Within the Khavinson tradition, ventfort is positioned as a vascular-endothelium peptide bioregulator producing tissue-specific effects on endothelial cell maturation and gene expression. The mechanistic claim invokes the broader 'peptide bioregulator' hypothesis articulated by Khavinson and collaborators, in which short peptides are proposed to modulate transcription via direct DNA interaction in a tissue-specific manner. This hypothesis has not been independently established outside the originating laboratory and the molecular pharmacology of ventfort specifically has not been characterised in indexed Western primary literature.
Tier 4. Discussion is confined largely to Russian-language reviews and chapters from the Khavinson group and immediate collaborators. No Phase 1 or later trials in indexed Western literature; no defined chemical structure published with sufficient detail for independent identity confirmation.
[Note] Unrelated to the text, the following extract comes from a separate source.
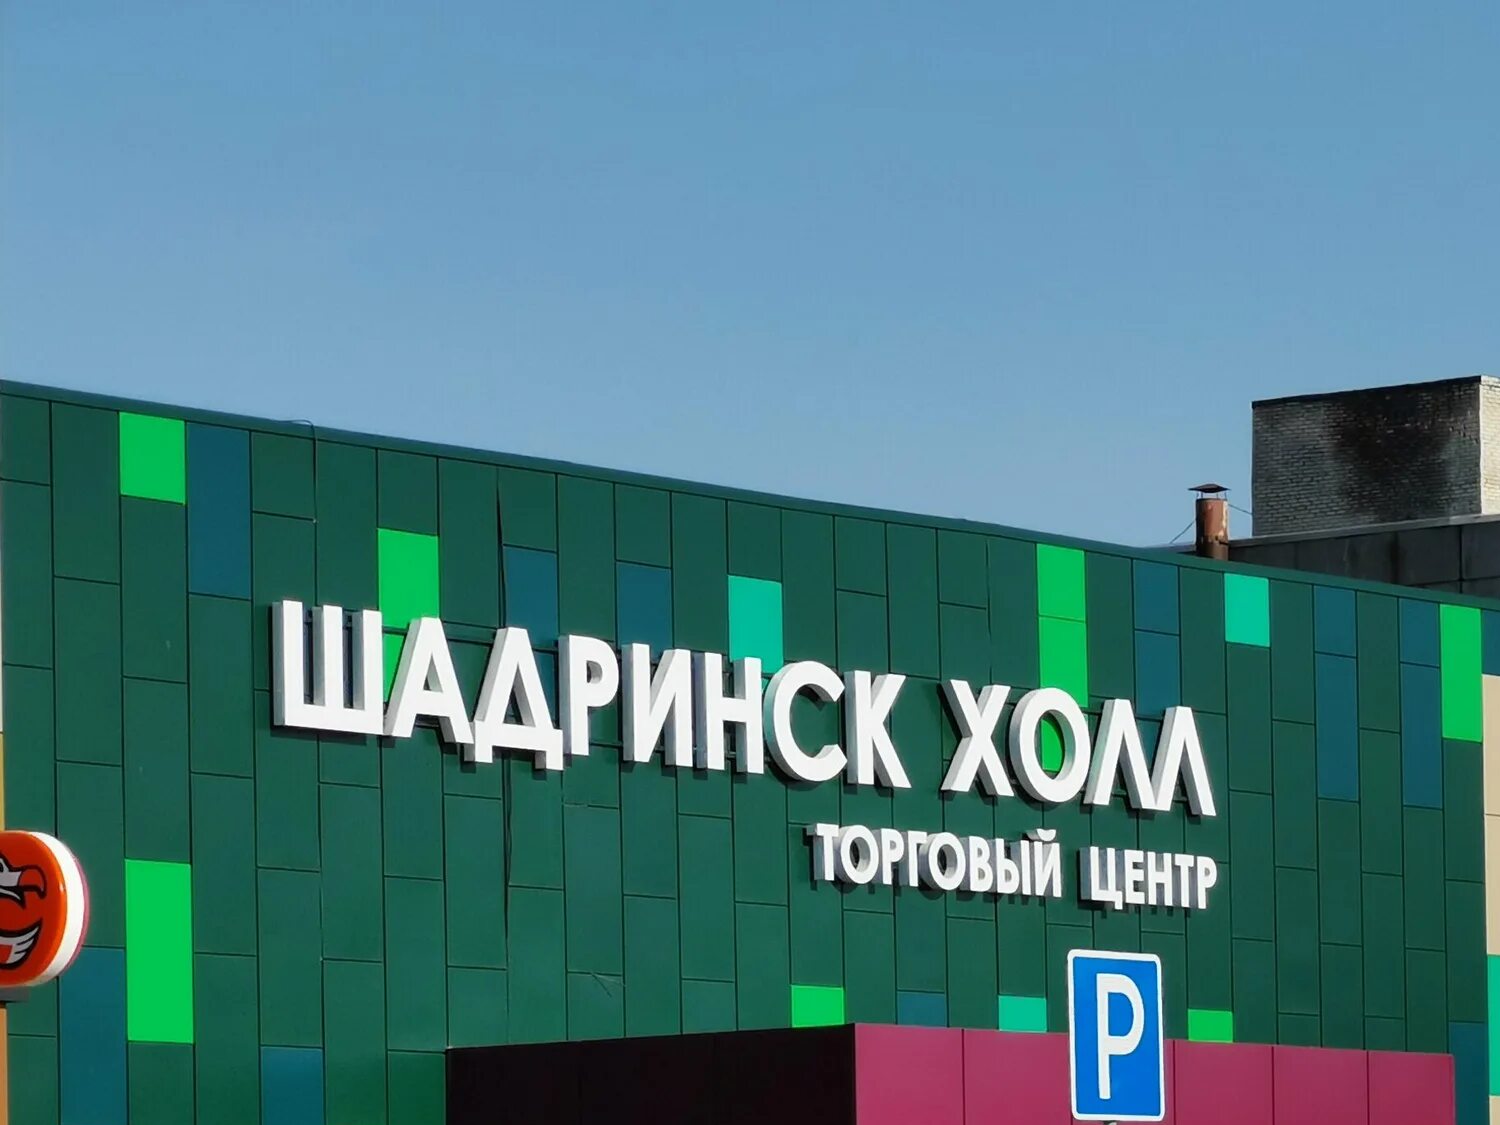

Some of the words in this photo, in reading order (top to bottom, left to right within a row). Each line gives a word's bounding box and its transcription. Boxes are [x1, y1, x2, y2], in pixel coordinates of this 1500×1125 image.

No formal Phase 1 human safety database in Western literature. Russian use is reported as well tolerated within the originating clinical tradition; this does not substitute for an independent safety database.
Regulatory status
- FDA status:
- Not FDA-approved
Russian-origin literature without independent Western replication is the central evidentiary issue. Ventfort is presented in the trade as a defined product but the published record does not include a peer-reviewed structural or pharmacological characterisation that vendor product can be checked against. The peptide-bioregulator transcriptional-modulation hypothesis itself remains a single-school claim.